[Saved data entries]
=======

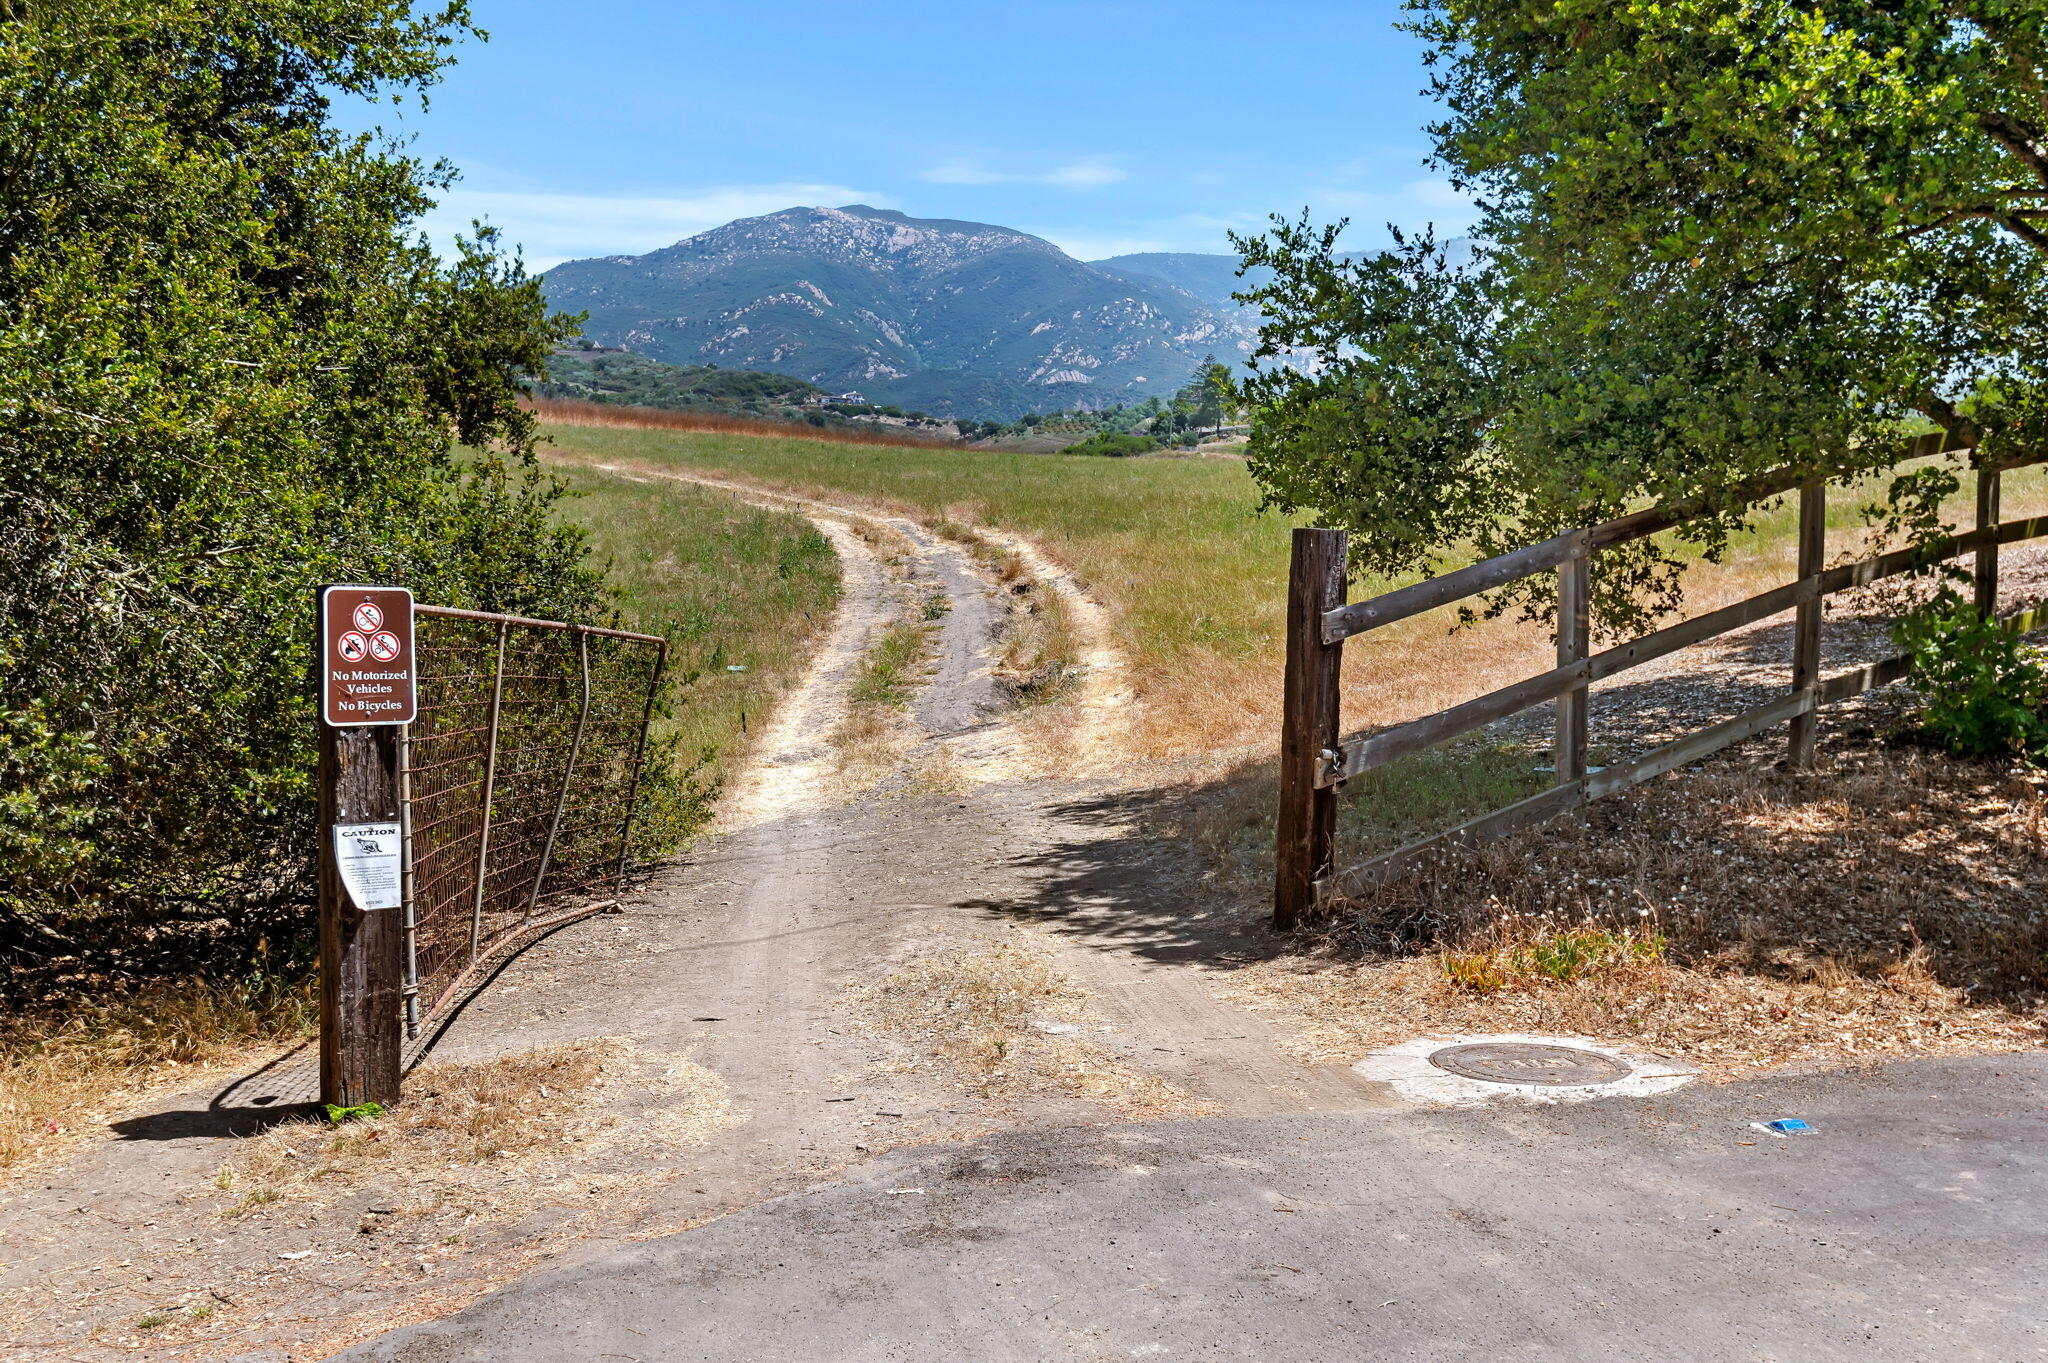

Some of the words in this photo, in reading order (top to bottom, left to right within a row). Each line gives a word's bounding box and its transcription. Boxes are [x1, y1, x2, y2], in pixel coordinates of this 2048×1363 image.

[332, 670, 350, 681] No
[352, 669, 408, 680] Motorized
[347, 683, 393, 694] Vehicles
[338, 700, 356, 711] No
[357, 699, 403, 713] Bicycles
[341, 828, 396, 838] CAUTION
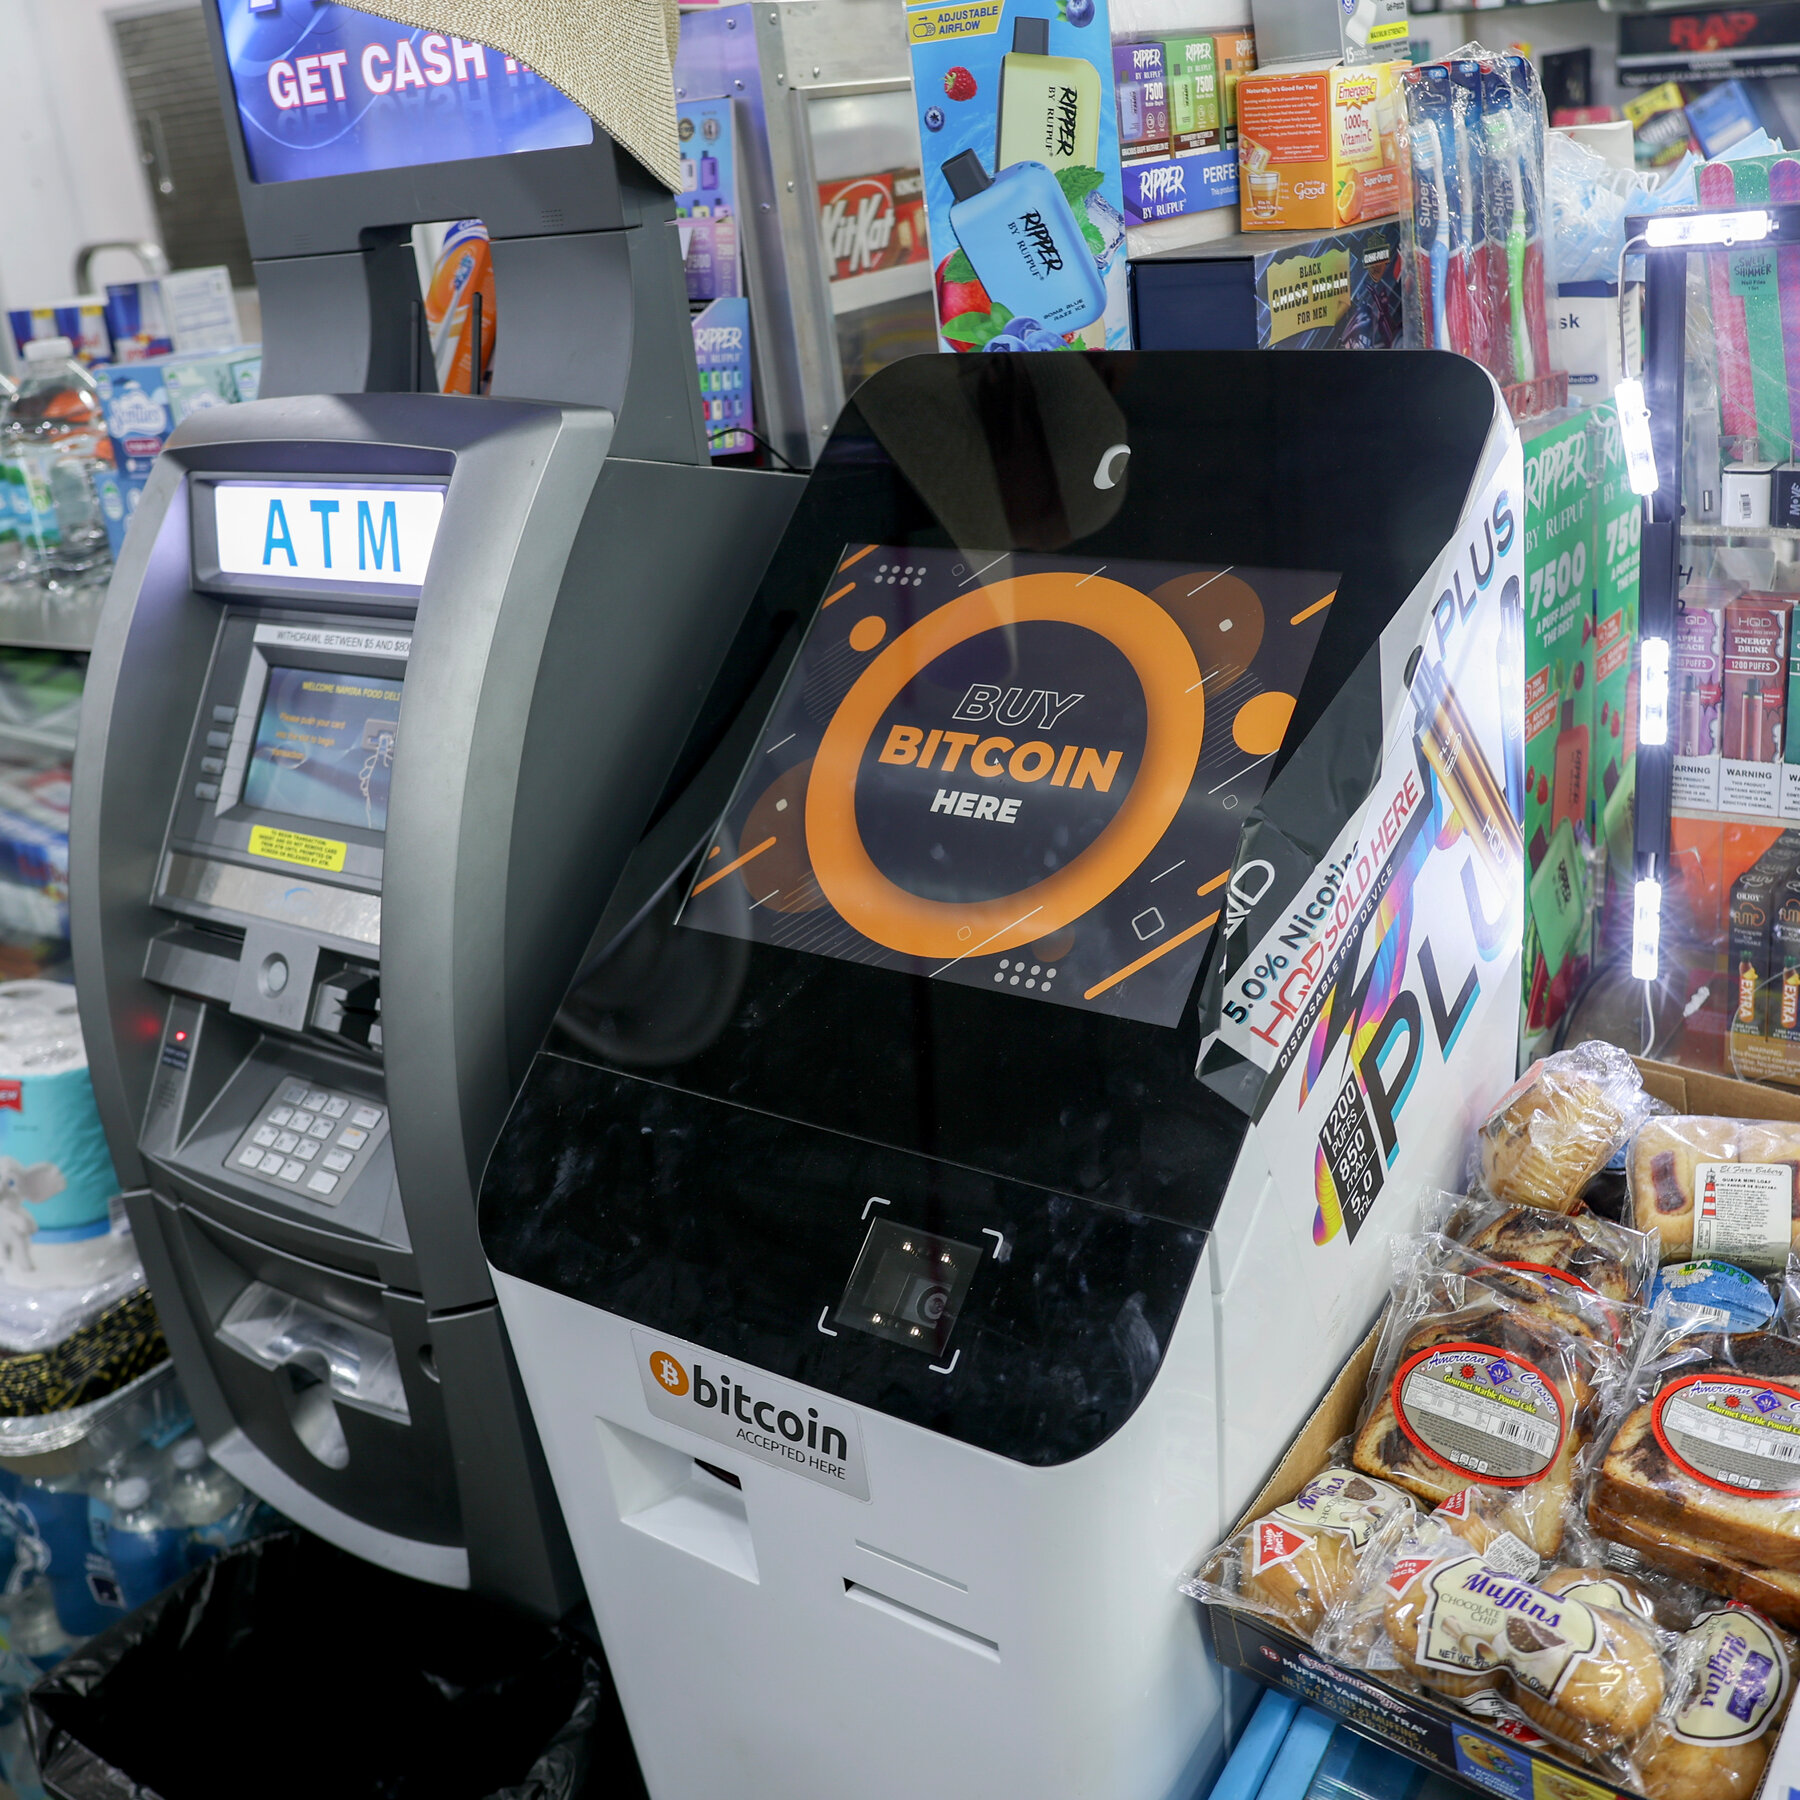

=======

### Task details
Return a verbatim transcription of the data, omitting all images.

### Reply to the task
Some of the words in this photo, in reading order (top to bottom, left to right within a row). Each line gives a word's bounding box and its transcription. Boxes are [x1, y1, x2, y2], in pixel coordinates of this 2048×1363 image.

[332, 670, 350, 681] No
[352, 669, 408, 680] Motorized
[347, 683, 393, 694] Vehicles
[338, 700, 356, 711] No
[357, 699, 403, 713] Bicycles
[341, 828, 396, 838] CAUTION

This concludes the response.